EXERCISE
None of the images should appear in your copy. Transcribe the data in full.

SUPPLIED RECORDS
● ● ● ● ●
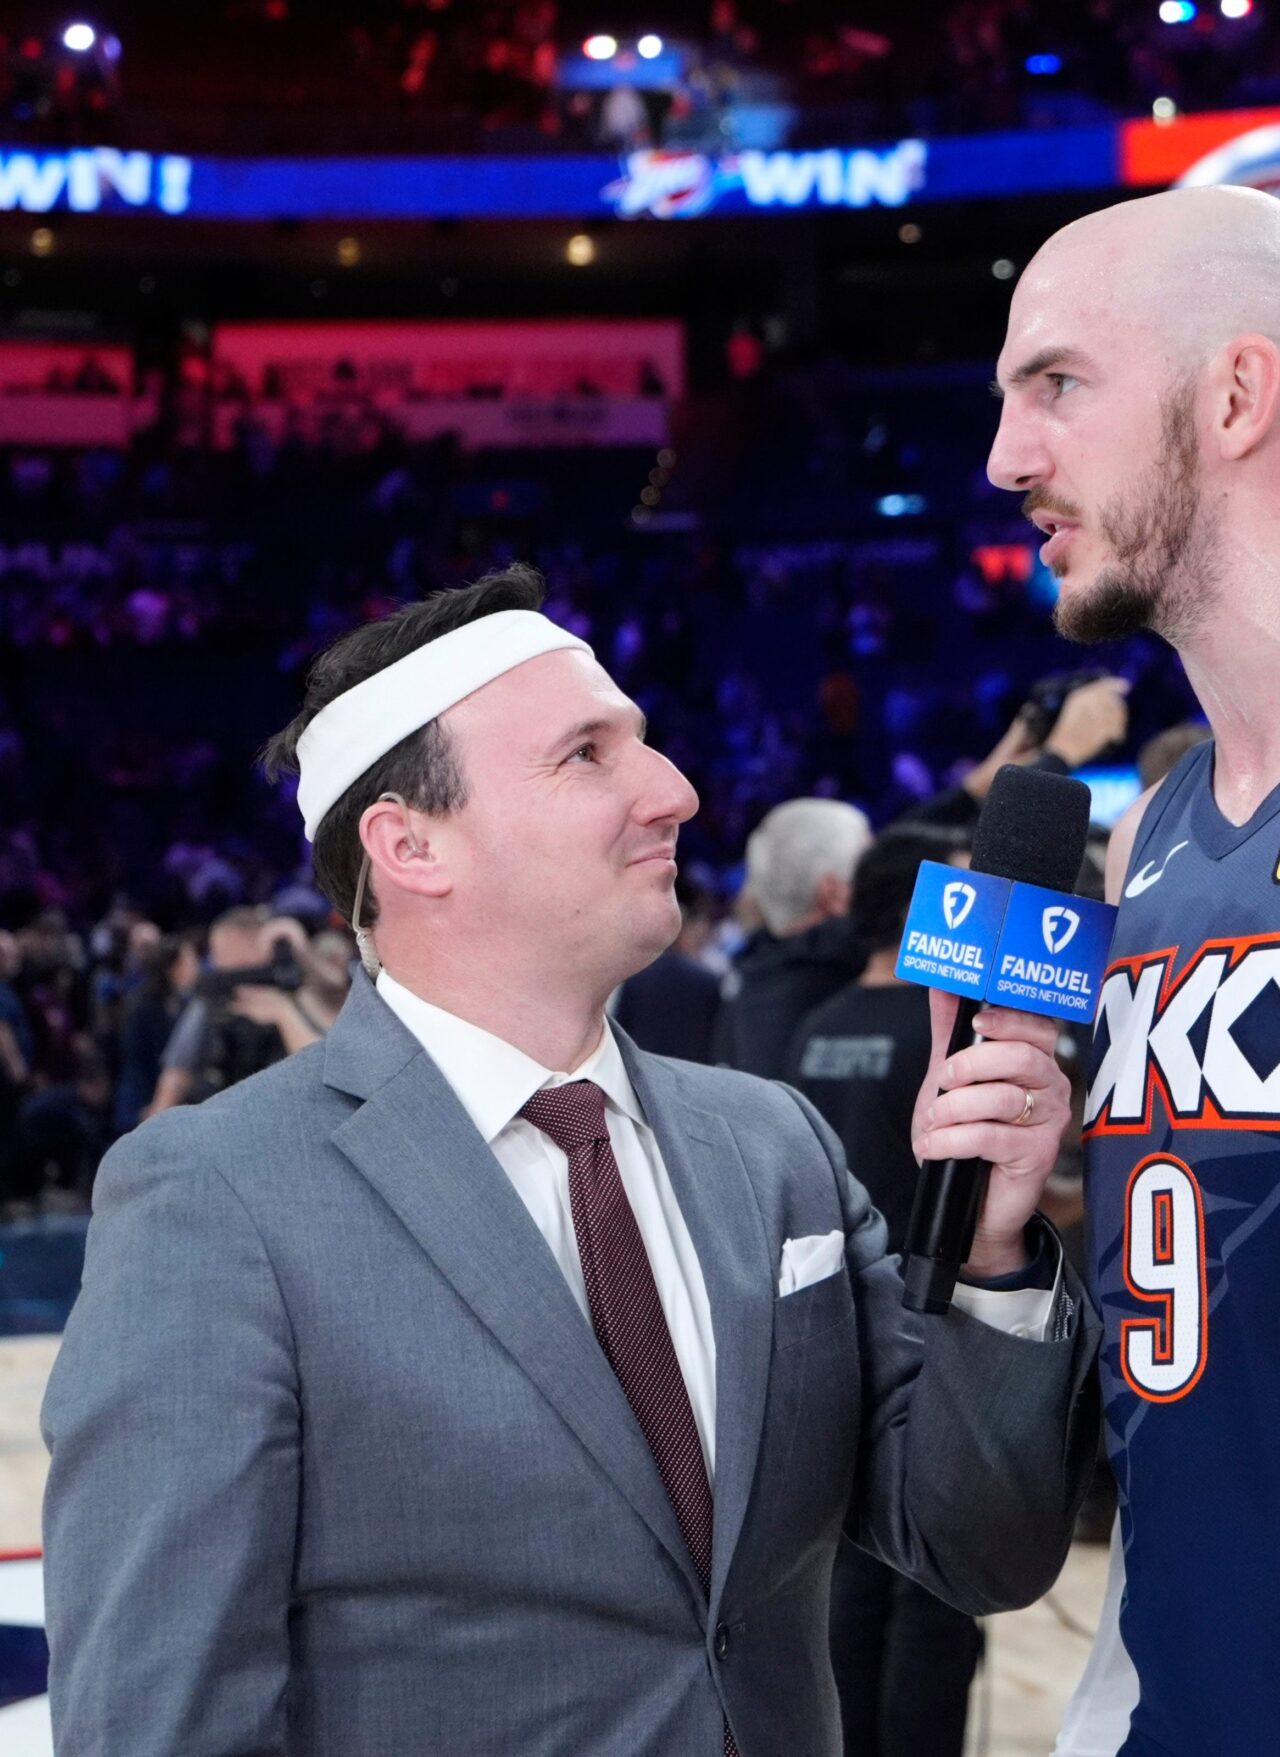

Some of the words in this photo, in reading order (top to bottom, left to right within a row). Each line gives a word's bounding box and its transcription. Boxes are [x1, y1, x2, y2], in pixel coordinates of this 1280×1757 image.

[0, 148, 191, 214] WIN!
[907, 931, 984, 969] FANDUEL
[903, 955, 937, 974] SPORTS
[937, 964, 981, 985] NETWORK
[1000, 954, 1092, 994] FANDUEL
[997, 980, 1038, 999] SPORTS
[1038, 989, 1088, 1010] NETWORK
[1123, 1156, 1204, 1399] 9
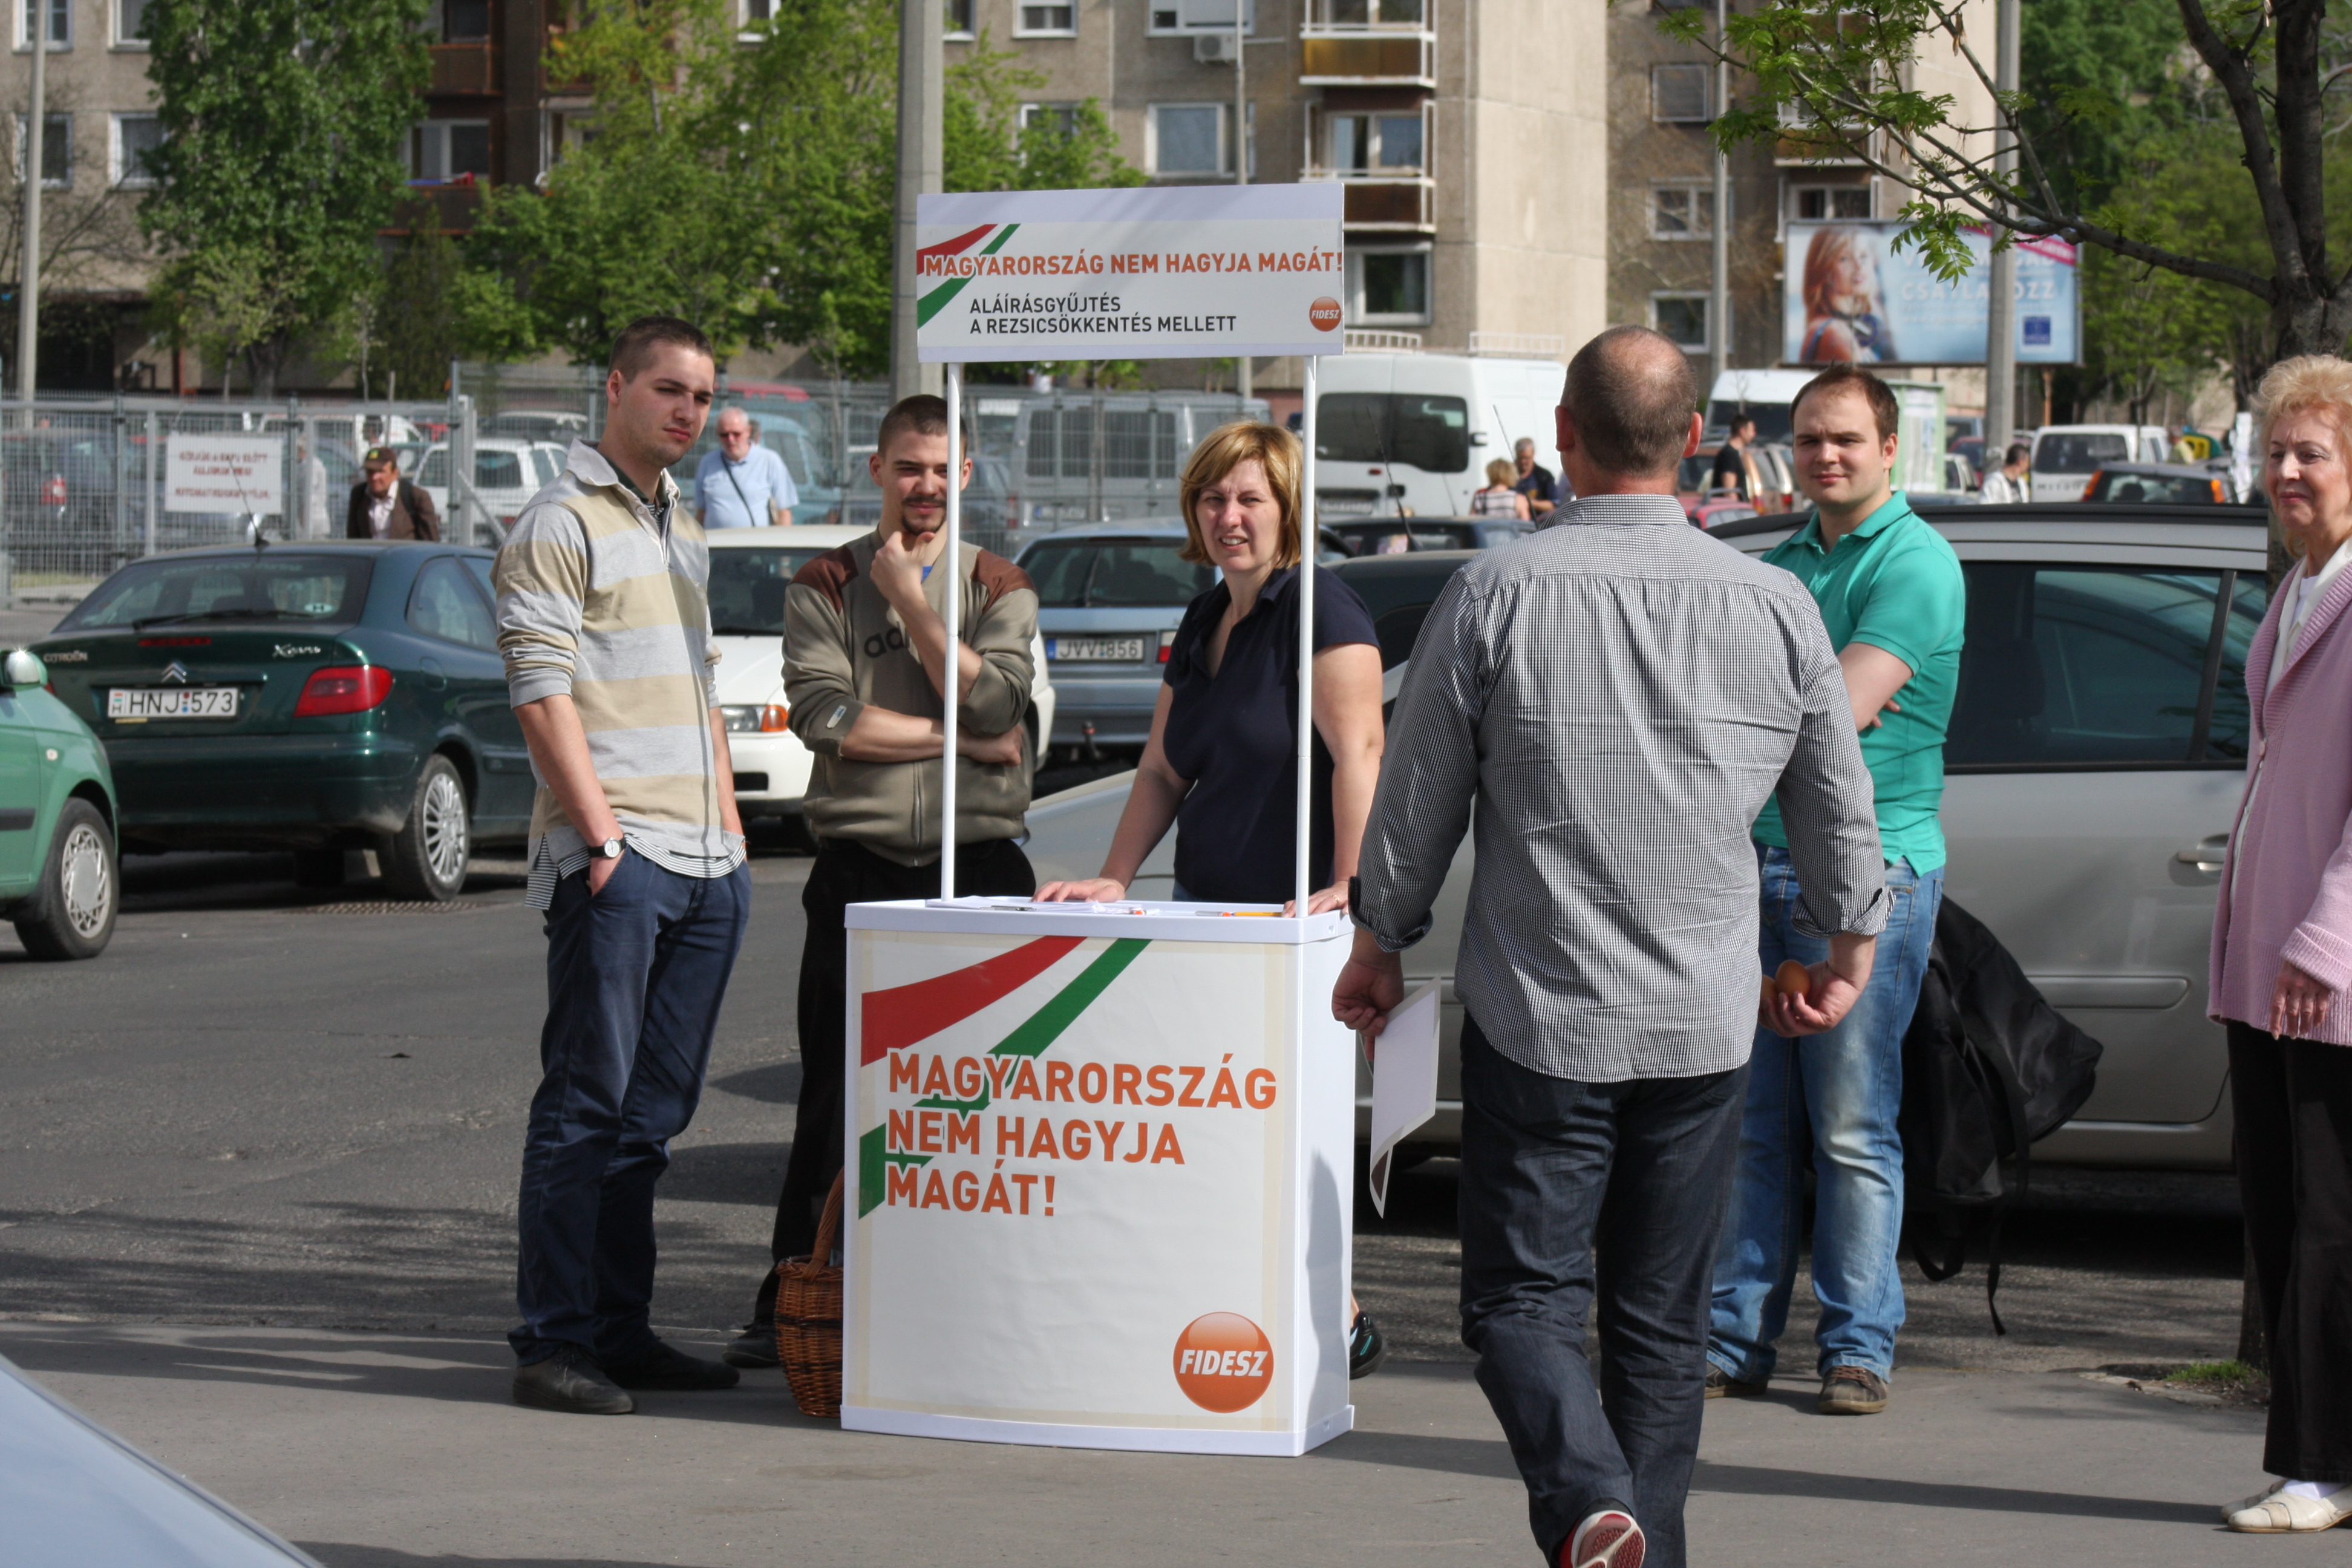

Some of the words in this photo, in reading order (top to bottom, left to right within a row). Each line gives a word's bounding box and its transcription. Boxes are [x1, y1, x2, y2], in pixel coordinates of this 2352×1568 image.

[926, 249, 1103, 276] MAGYARORSZÁG
[1111, 254, 1158, 273] NEM
[1166, 253, 1252, 272] HAGYJA
[1258, 246, 1342, 272] MAGÁT!
[970, 292, 1121, 313] ALÁÍRÁSGYŰJTÉS
[1902, 281, 2055, 300] CSATLAOZZ
[970, 319, 981, 333] A
[987, 312, 1152, 333] REZSICSÖKKENTÉS
[1158, 316, 1236, 332] MELLETT
[1311, 309, 1339, 319] FIDESZ
[43, 650, 88, 663] CITROËN
[889, 1053, 1277, 1110] MAGYARORSZÁG
[888, 1109, 980, 1155] NEM
[996, 1116, 1186, 1165] HAGYJA
[887, 1158, 1056, 1217] MAGÁT!
[1180, 1349, 1269, 1377] FIDESZ
● ● ● ● ●
RESPONSE FOR THIS EXERCISE
Some of the words in this photo, in reading order (top to bottom, left to right within a row). Each line gives a word's bounding box and its transcription. Boxes are [x1, y1, x2, y2], in pixel coordinates of this 1280×1757 image.

[0, 148, 191, 214] WIN!
[907, 931, 984, 969] FANDUEL
[903, 955, 937, 974] SPORTS
[937, 964, 981, 985] NETWORK
[1000, 954, 1092, 994] FANDUEL
[997, 980, 1038, 999] SPORTS
[1038, 989, 1088, 1010] NETWORK
[1123, 1156, 1204, 1399] 9

Some of the words in this photo, in reading order (top to bottom, left to right within a row). Each line gives a word's bounding box and its transcription. Boxes are [x1, y1, x2, y2], in pixel coordinates of this 2352×1568 image.

[926, 249, 1103, 276] MAGYARORSZÁG
[1111, 254, 1158, 273] NEM
[1166, 253, 1252, 272] HAGYJA
[1258, 246, 1342, 272] MAGÁT!
[970, 292, 1121, 313] ALÁÍRÁSGYŰJTÉS
[1902, 281, 2055, 300] CSATLAOZZ
[970, 319, 981, 333] A
[987, 312, 1152, 333] REZSICSÖKKENTÉS
[1158, 316, 1236, 332] MELLETT
[1311, 309, 1339, 319] FIDESZ
[43, 650, 88, 663] CITROËN
[889, 1053, 1277, 1110] MAGYARORSZÁG
[888, 1109, 980, 1155] NEM
[996, 1116, 1186, 1165] HAGYJA
[887, 1158, 1056, 1217] MAGÁT!
[1180, 1349, 1269, 1377] FIDESZ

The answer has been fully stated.